Meteorological history
- Formed: June 4, 1966
- Dissipated: June 14, 1966

Category 3 major hurricane
- 1-minute sustained (SSHWS/NWS)
- Highest winds: 115 mph (185 km/h)
- Lowest pressure: 970 mbar (hPa); 28.64 inHg

Overall effects
- Fatalities: 90 total
- Damage: $210 million (1966 USD)
- Areas affected: Nicaragua, Honduras, Cuba, East Coast of the United States
- IBTrACS
- Part of the 1966 Atlantic hurricane season

= Hurricane Alma (1966) =

Category 3 Atlantic hurricane

Hurricane Alma was a rare June major hurricane in the 1966 Atlantic hurricane season. It was the earliest Atlantic hurricane in the calendar year in fifteen years, as well as the earliest continental U.S. hurricane strike since 1825. Alma developed on June 4 over Central America, and while moving through Honduras, it dropped heavy rainfall that killed at least 73 people in the city of San Rafael. Offshore northern Honduras, the system produced heavy rainfall in Swan Island. Alma moved northeastward and intensified into a hurricane on June 6. It crossed western Cuba, causing heavy crop damage and water shortages. Alma destroyed over 1,000 houses, and damage was estimated around $200 million (1966 USD). The storm killed 11 people in the country.

After crossing Cuba, Alma intensified further to reach winds of 115 mph in the Gulf of Mexico. The hurricane passed west of Key West, Florida, causing a power outage and flooding. Alma dropped heavy rainfall and produced winds across most of Florida, which damaged crops and caused scattered power outages. The hurricane weakened before moving ashore near Apalachee Bay. Damage in Florida was estimated at $10 million, and there were six deaths in the state.
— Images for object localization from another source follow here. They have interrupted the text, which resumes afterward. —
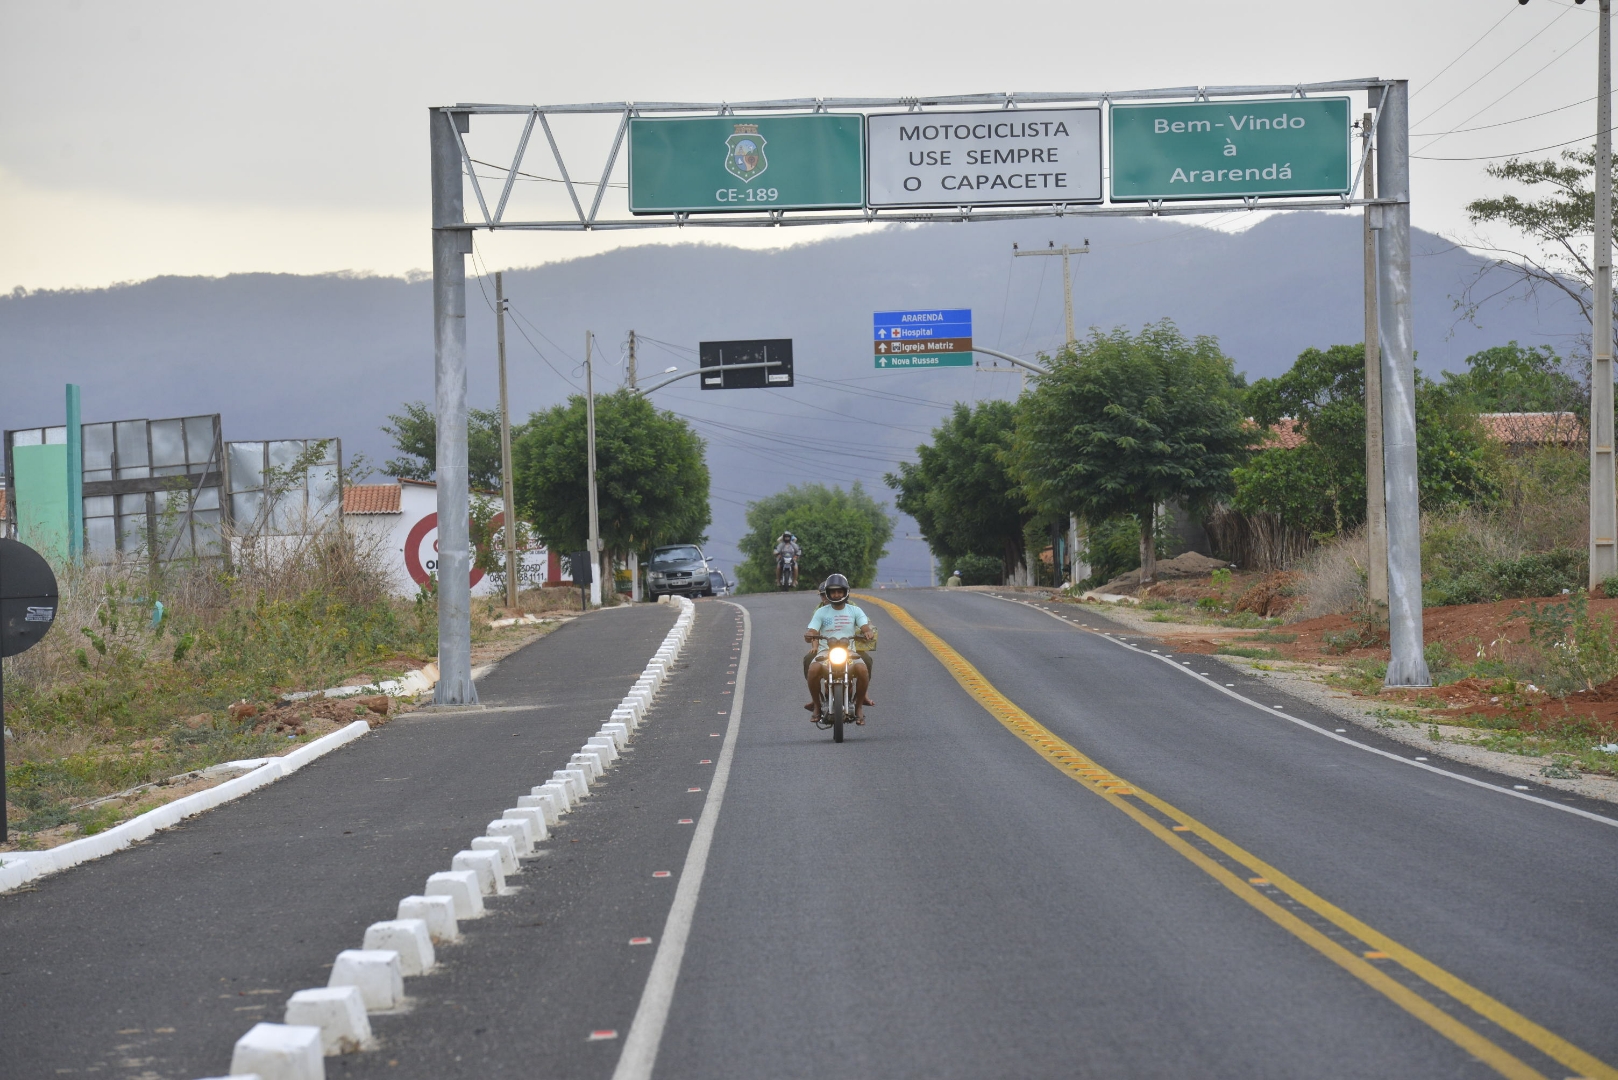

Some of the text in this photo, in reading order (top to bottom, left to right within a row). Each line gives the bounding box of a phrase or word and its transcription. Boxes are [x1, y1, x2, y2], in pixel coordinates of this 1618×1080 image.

[899, 121, 1070, 141] MOTOCICLISTA
[1154, 113, 1306, 134] Bem-Vindo
[909, 147, 1059, 166] USE SEMPRE
[1223, 137, 1237, 157] à
[903, 172, 1068, 192] O CAPACETE
[1169, 162, 1292, 184] Ararendá
[715, 187, 779, 202] CE-189
[901, 312, 944, 323] ARARENDÁ
[901, 328, 933, 337] Hospital
[902, 341, 954, 352] Igreja Matriz
[891, 356, 939, 366] Nova Russas
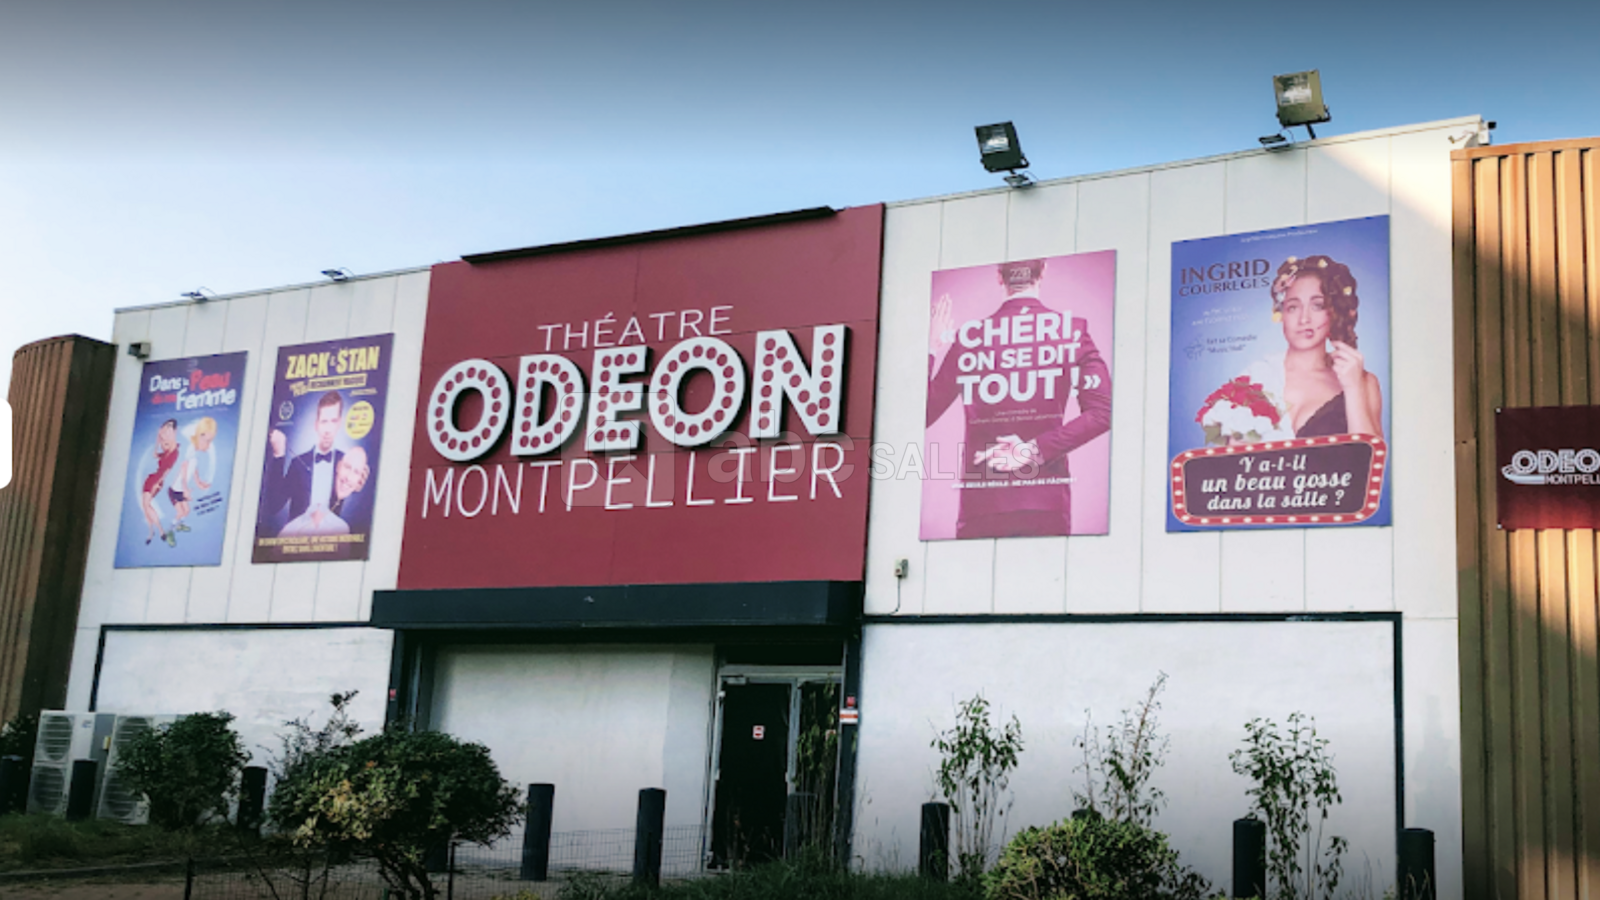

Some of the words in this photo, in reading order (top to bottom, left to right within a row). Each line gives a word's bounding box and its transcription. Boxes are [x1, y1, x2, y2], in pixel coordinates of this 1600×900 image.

[1181, 258, 1270, 285] INGRID
[537, 305, 733, 351] THÉATRE
[285, 352, 330, 380] ZACK
[336, 346, 381, 374] STAN
[958, 350, 995, 373] ON
[1000, 347, 1033, 369] SE
[1038, 342, 1081, 366] DIT
[149, 374, 181, 392] Dans
[189, 370, 231, 391] Peau
[427, 324, 849, 462] ODEON
[956, 368, 1064, 405] TOUT
[176, 387, 236, 411] Femme
[1239, 456, 1255, 473] Y
[422, 443, 844, 518] MONTPELLIER
[1201, 478, 1228, 493] un
[1234, 473, 1286, 491] beau
[1292, 472, 1352, 494] gosse
[1207, 495, 1252, 511] dans
[1257, 493, 1276, 509] la
[1281, 491, 1328, 508] salle
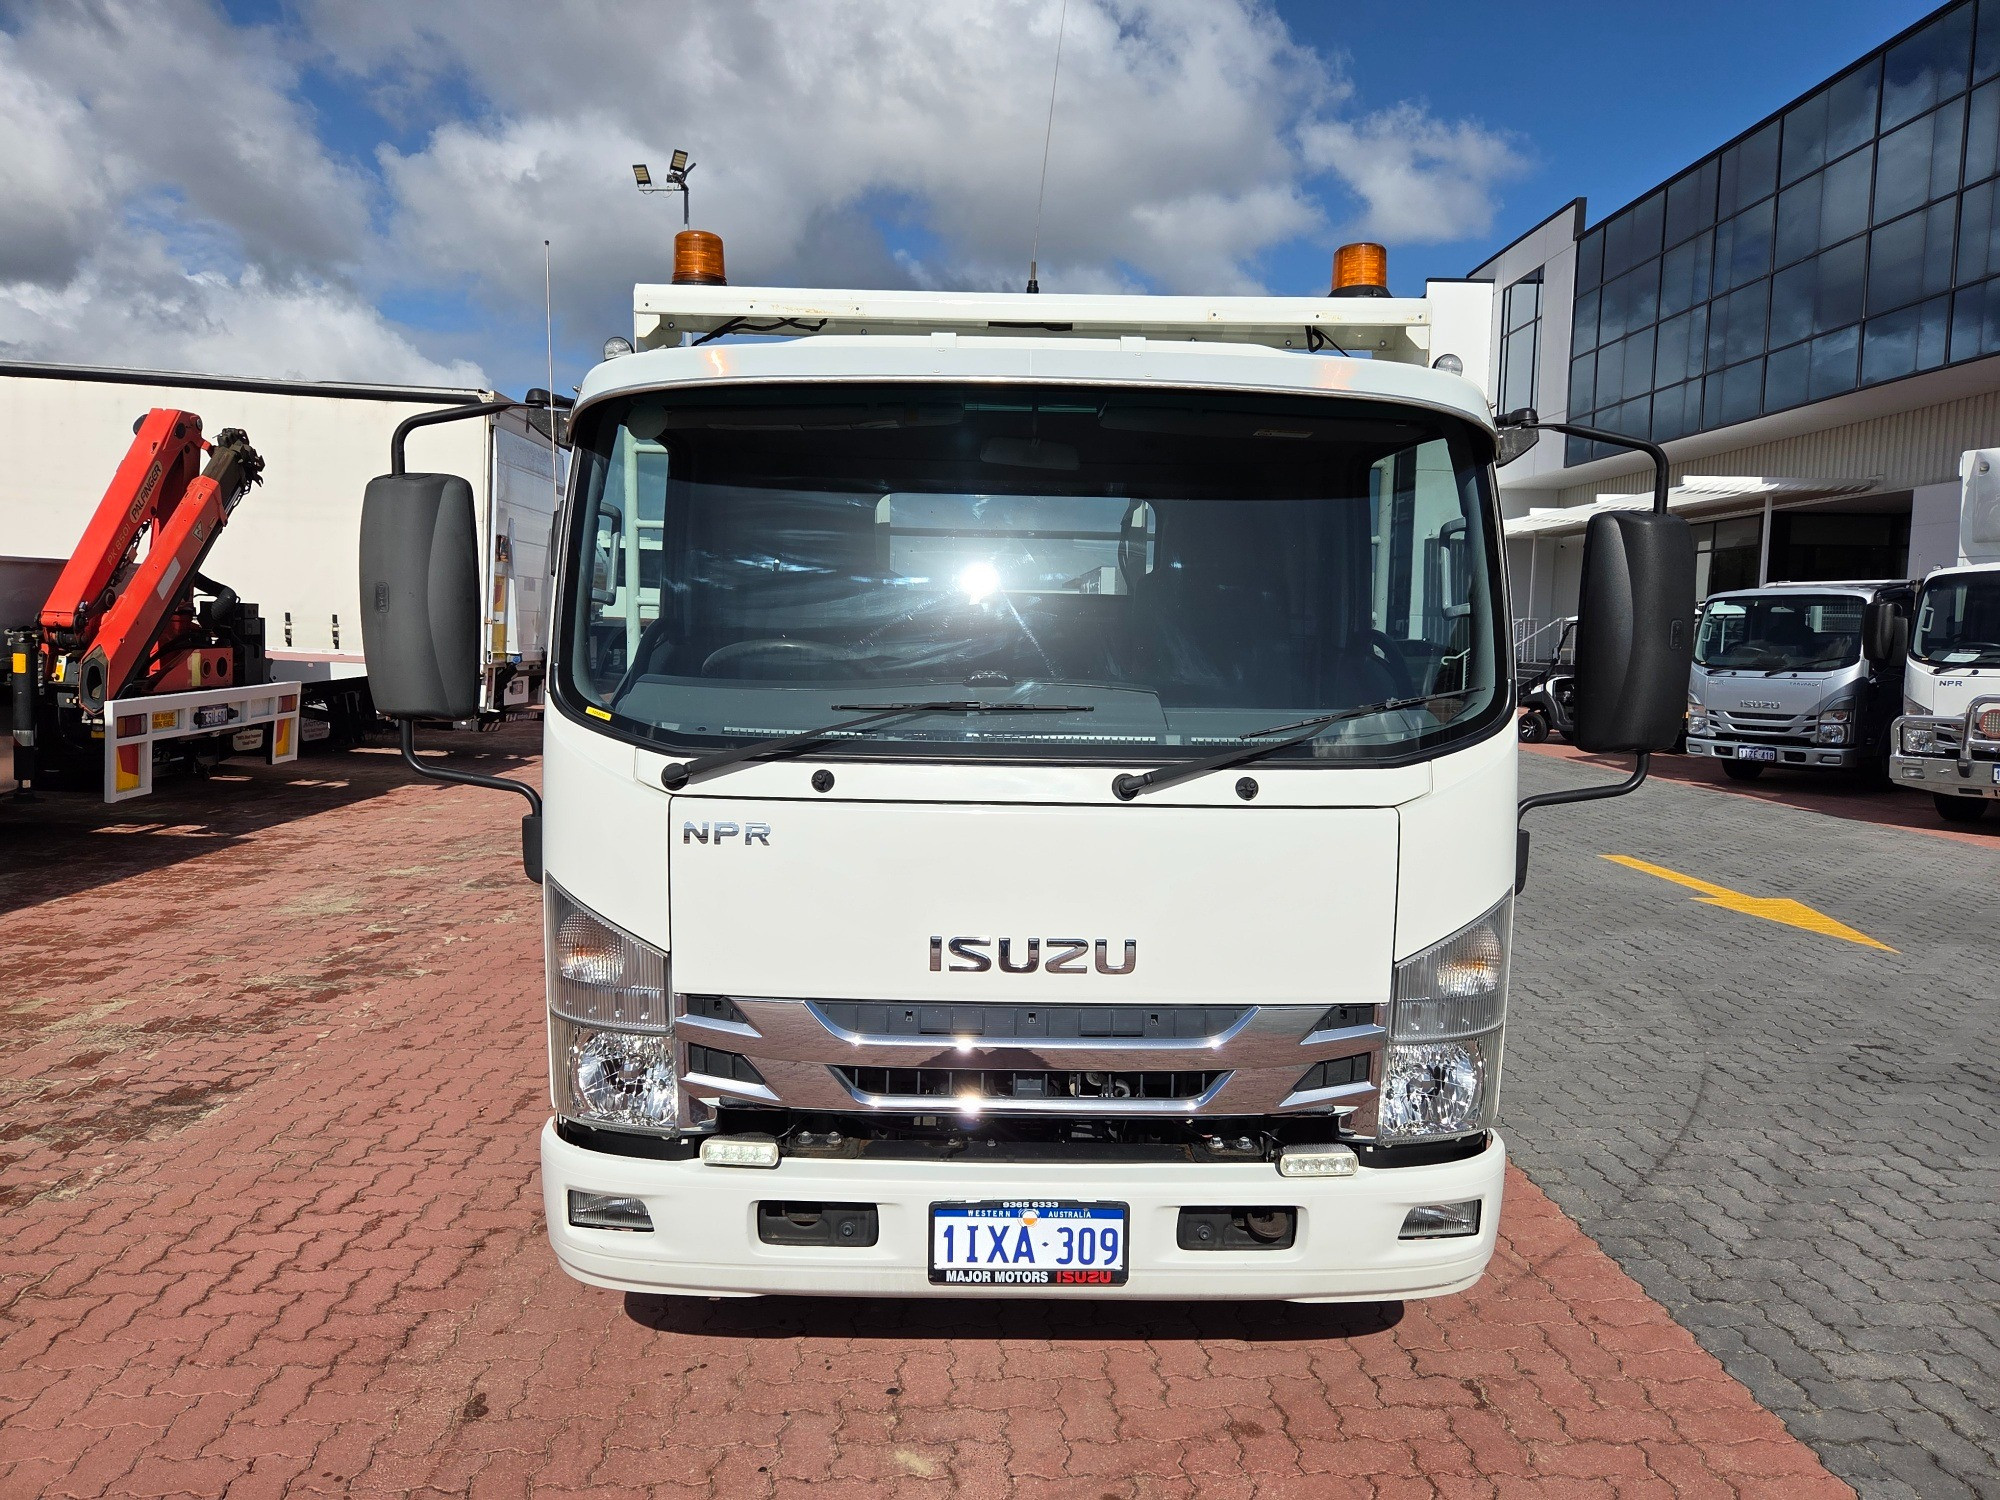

Alma crossed southeastern Georgia as a tropical storm, damaging a few houses and causing light damage. The storm re-intensified into a hurricane over the western Atlantic Ocean, and its outer rainbands dropped heavy rainfall in Wilmington, North Carolina. Alma encountered colder water temperatures and its intensity decreased to being an extratropical cyclone on June 13. Its remnants dissipated a day later over Massachusetts.

==Meteorological history==

During June 1966, low atmospheric pressure stretched across the western Caribbean and Gulf of Mexico—a pattern that is conducive for tropical cyclogenesis. During the first few days of the month, a dissipating trough extended from the southeastern United States into the western Caribbean. A mid-level circulation developed along the trough near Cabo Gracias a Dios on June 3. By the next day, the circulation had reached the surface, which marked the development of a tropical depression over eastern Nicaragua. On June 5, the depression crossed Honduras and emerged into the western Caribbean, moving north-northeastward through an area of warm sea surface temperatures. It had a good cyclonic circulation, convection, and moisture content, but most significantly, a passing trough to the north provided the depression with favorable outflow. On June 6, the depression rapidly intensified into Tropical Storm and later Hurricane Alma. This made it the earliest hurricane in the basin since Hurricane Able in 1951.

After attaining hurricane status, Alma continued moving slowly to the north-northeast, although its intensification rate slowed. While over the western Caribbean, Alma was a large hurricane with gale-force winds covering about 200000 sqmi. The hurricane accelerated on June 8, quickly moving across Isla de la Juventud and later mainland Cuba with winds of around 100 mph. Alma did not weaken over land and entered the Gulf of Mexico, where it turned northwestward and passed between Key West and the Dry Tortugas. Late on June 8, a station in the Dry Tortugas reported winds of 125 mph and a minimum barometric pressure of 970 mbar. These figures were originally considered the storm's peak intensity. However, a conflict in observations from Dry Tortugas and a reconnaissance aircraft flight, as well as the possibility that the former experienced a mesocyclone that did not represent the intensity of the storm, led to the maximum sustained winds being adjusted to 115 mph (185 km/h) in a 2022 renalysis. The hurricane began weakening as it paralleled the west coast of Florida, at which point a developing upper-level low over the northern Gulf of Mexico began to influence its motion. While the hurricane moved northward through the Gulf of Mexico, it had a large, ragged eye that reached 75 mi in diameter. Initially, forecasters anticipated Alma would cross central Florida, although the hurricane turned to the north-northwest. Cool water temperatures contributed to weakening, and Alma made landfall near Apalachee Bay with winds of 85 mph (140 km/h) on June 9. This marked the earliest United States hurricane landfall since a hurricane in May and June of 1825.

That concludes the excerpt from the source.